When it comes to looking for counterfeit documents, you have to know what you are looking for. In 2008, my company won a contract to run a major airport in Africa. We trained our security employees in what to look for regarding counterfeit or stolen documents. On our very first day of operation, we stopped 19 Chinese men from boarding a jet because of fraudulent or stolen passports. The word got out that the airport screening process was too hard, and the number of fake passports seen dropped substantially.
Today, a good-looking passport may be the ticket out of the hellhole that is Syria, but it is still a terrorist's best way to enter a country. Syrian refugees have been given preferential treatment to enter Europe, leading other migrants and members of ISIS to try to pass themselves off as Syrians. Syrian passports were found near the bodies of two men responsible for the Paris attacks. German customs officers recently seized packages containing Syrian passports.
Fake passports have become a valuable and necessary commodity. Those with the means and wherewithal can easily acquire documents that establish a new identity, and those documents facilitate entry into a country. In the USA, for illegal border crossers with bogus documents that establish that they are "other than Mexican," all they have to do is utter the word "asylum," and U.S. Border Patrol agents will take them before a federal magistrate, who, in turn, gives them a "notice to appear." These asylum seekers are turned loose to find an asylum attorney within ten days. Guess how many actually appear with a lawyer.
The problem of counterfeit passports and bogus identity documents is huge and growing.

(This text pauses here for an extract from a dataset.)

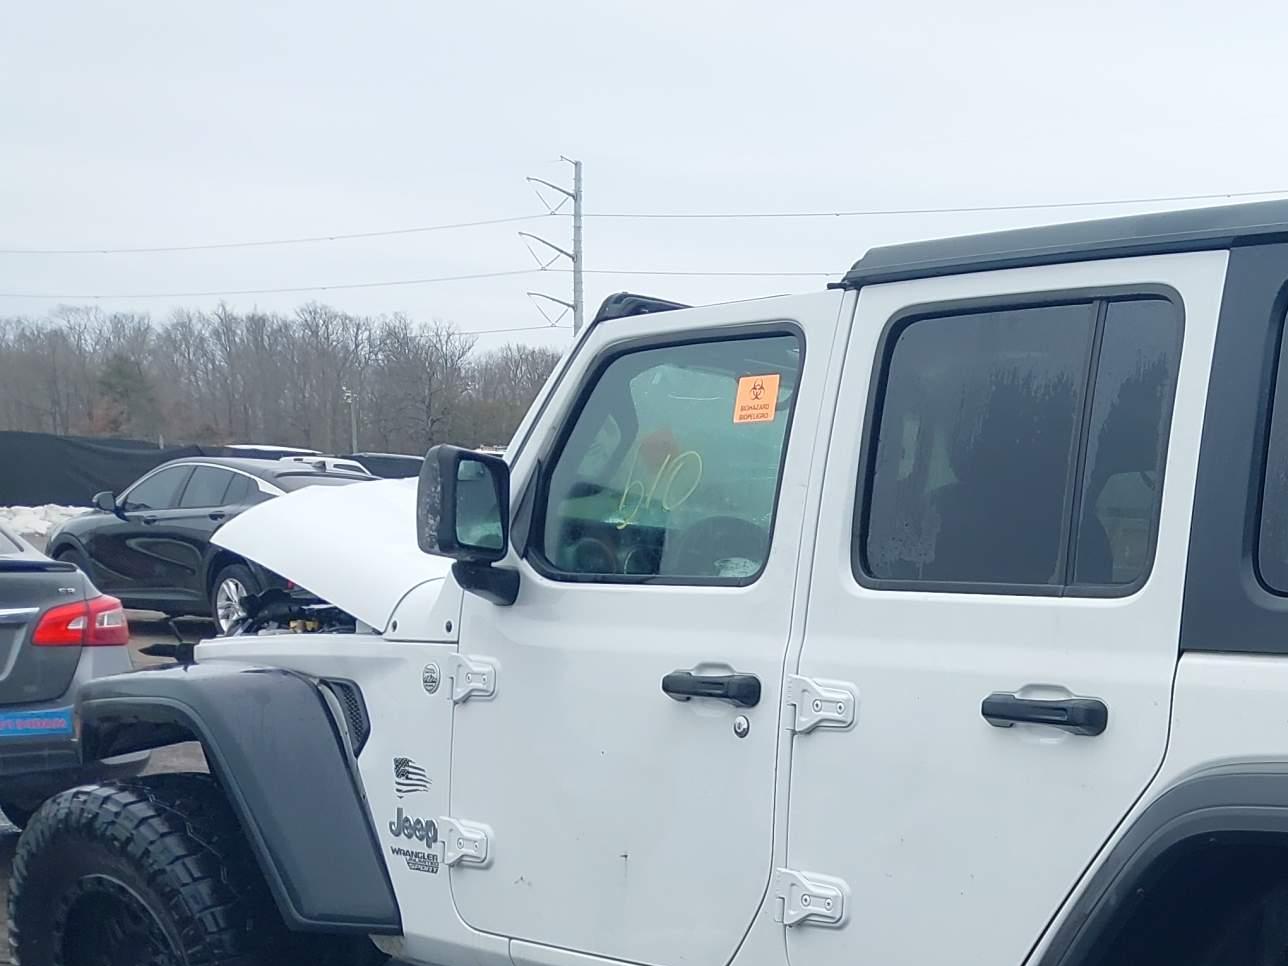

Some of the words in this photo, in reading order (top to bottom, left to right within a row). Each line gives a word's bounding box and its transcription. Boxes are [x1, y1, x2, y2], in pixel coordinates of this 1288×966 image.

[389, 807, 438, 849] Jeep
[390, 845, 438, 862] WRANGLER
[409, 863, 438, 873] SPORT
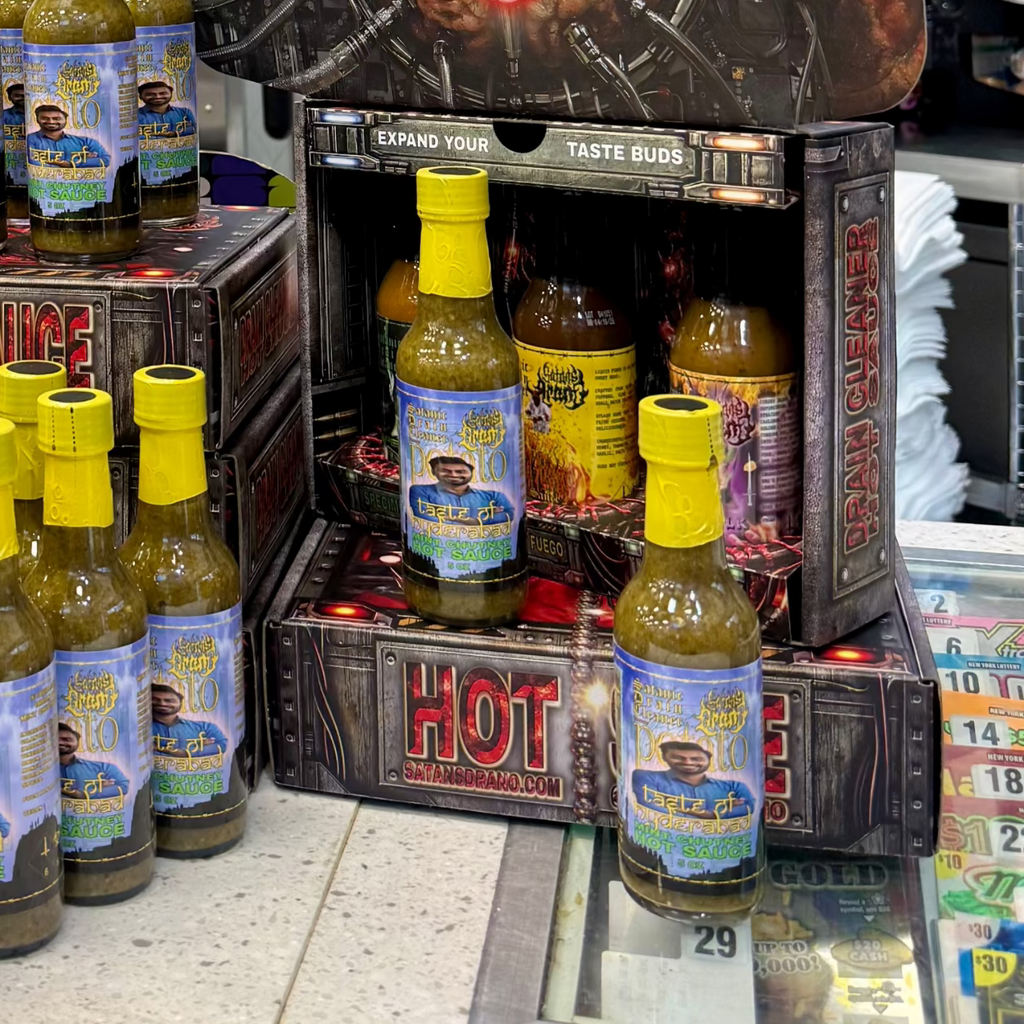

And America has been left more vulnerable under the Obama administration.
"Extreme vetting" is really the effort to root out the fake identity documents that are freely traded on the black market and are sold to asylum seekers, refugees, and terrorist groups. President Trump's extreme vetting executive order to keep radical Islamic terrorists from entering the United States is a good first step.
Mark A. Hewitt is the author of the espionage thrillers Special Access, Shoot Down, and No Need to Know.